To draw a more reliable conclusion, they re-evaluated the therapeutic potential of PD-1(FSY) in an immune-humanized mouse model. Compared to the mouse models mentioned above, the humanized mice (Hu-mice) contains a more comprehensive array of human lymphohematopoietic cells including T cells, B cells, and dendritic cells, allowing many important human immune processes to occur in mice.

In this immune-humanized mouse model, they consistently found that PD-1(FSY) exhibited far better therapeutic efficacy than PD-1(WT), and even better than atezolizumab in reducing tumor volume and weight at the same dose.

They also extended their concept to another pair of proteins and successfully demonstrate the general applications of this covalent drug development strategy.

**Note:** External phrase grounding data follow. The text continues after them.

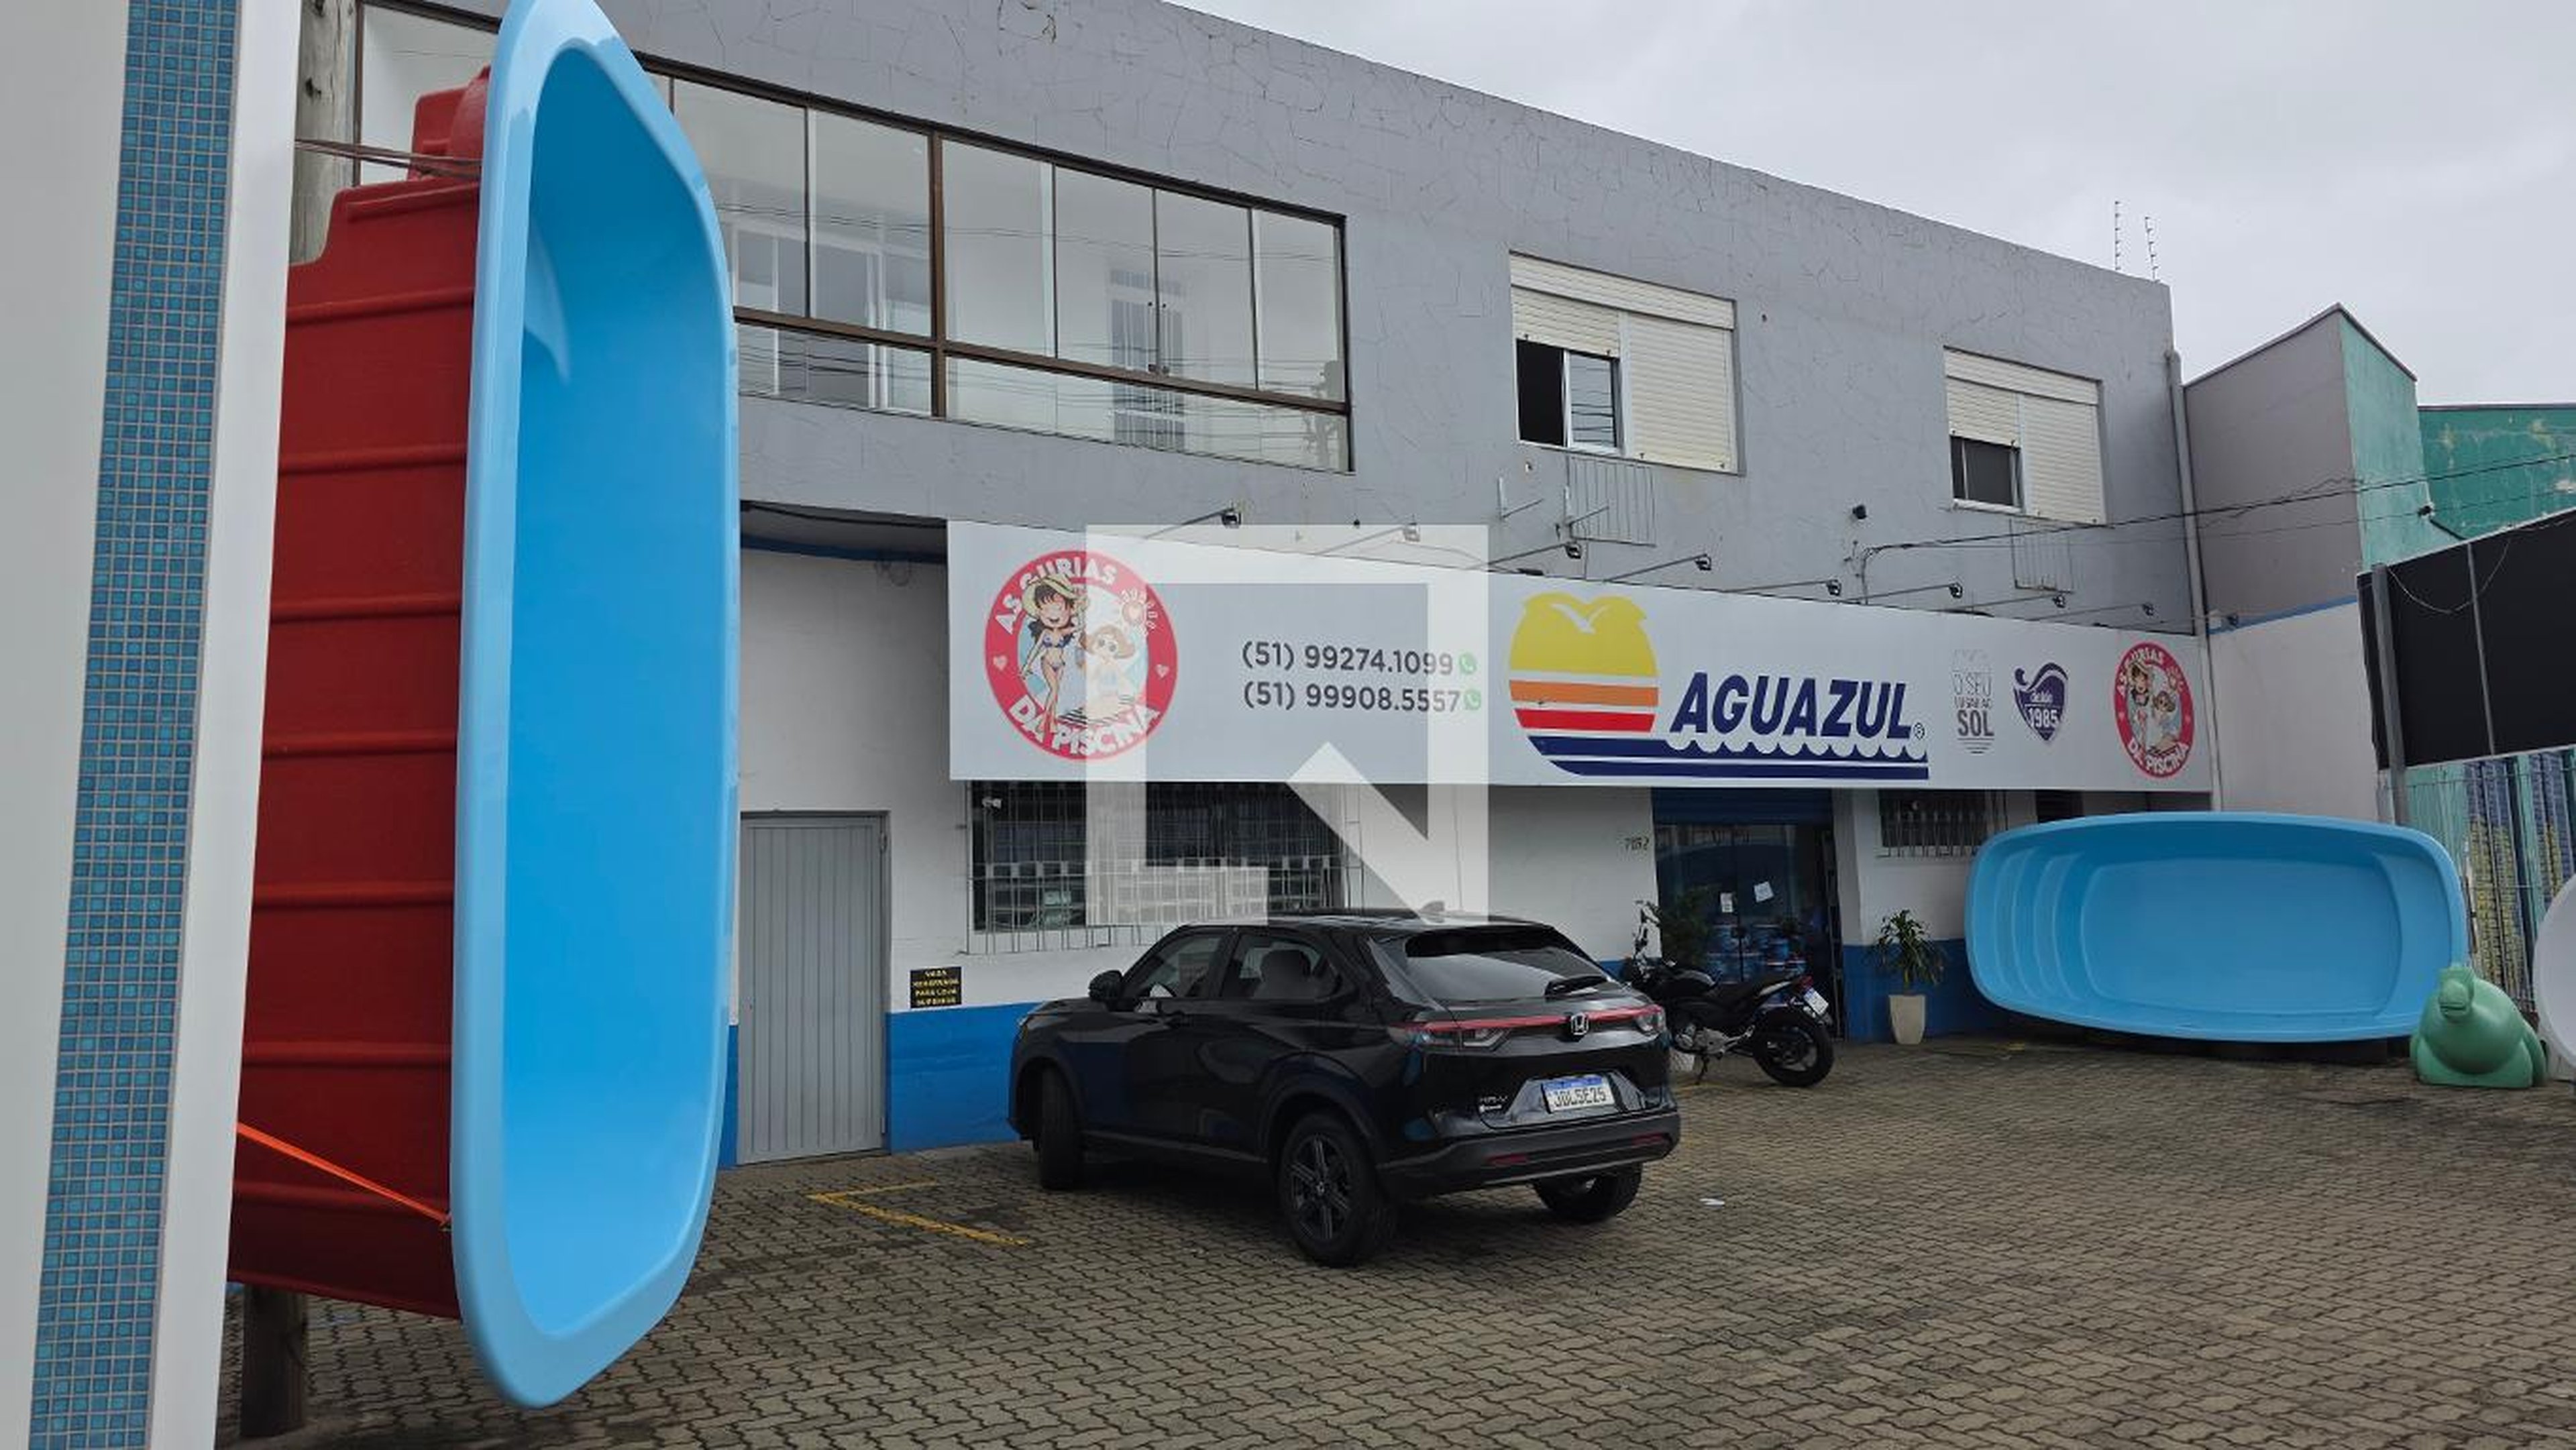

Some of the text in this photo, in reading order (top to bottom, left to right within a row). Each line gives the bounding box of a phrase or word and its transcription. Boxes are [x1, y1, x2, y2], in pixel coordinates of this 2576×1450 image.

[995, 593, 1023, 635] AS
[1242, 640, 1454, 675] (51) 99274.1099
[1244, 680, 1461, 713] (51) 99908.5557
[1670, 672, 1911, 738] AGUAZUL
[1052, 704, 1161, 756] PISCINA
[1957, 710, 1995, 737] SOL
[2029, 708, 2059, 728] 1985

Apart from opening a novel avenue for developing protein therapeutics, proximity-enabled click chemistry also enables scientists to selectively inhibit or activate signal pathways with high specificity, which makes an important addition to the toolbox for basic biological research and synthetic biology.

 

References

Q. Li, Q. Chen, P. C. Klauser, M. Li, F. Zheng, N. Wang, X. Li, Q. Zhang, X. Fu, Q. Wang*, Y. Xu*, L. Wang*, (2020) Developing covalent protein
drugs via proximity-enabled reactive therapeutics. Cell 182, 85. doi: 10.1016/j.cell.2020.05.028.
N. Wang, B. Yang, C. Fu, H. Zhu, F. Zheng, T. Kobayashi, J. Liu, S. Li, C. Ma, P. G. Wang, Q. Wang, L. Wang, (2018) Genetically encoding
fluorosulfate-l-tyrosine to react with lysine, histidine, and tyrosine via sufex in proteins in vivo. Journal of the American Chemical Society
140, 4995. doi: 10.1021/jacs.8b01087.
E. Steen Redeker, D. T. Ta, D. Cortens, B. Billen, W. Guedens, P. Adriaensens, (2013) Protein engineering for directed immobilization.
Bioconjugate Chemistry 24, 1761. doi: 10.1021/bc4002823.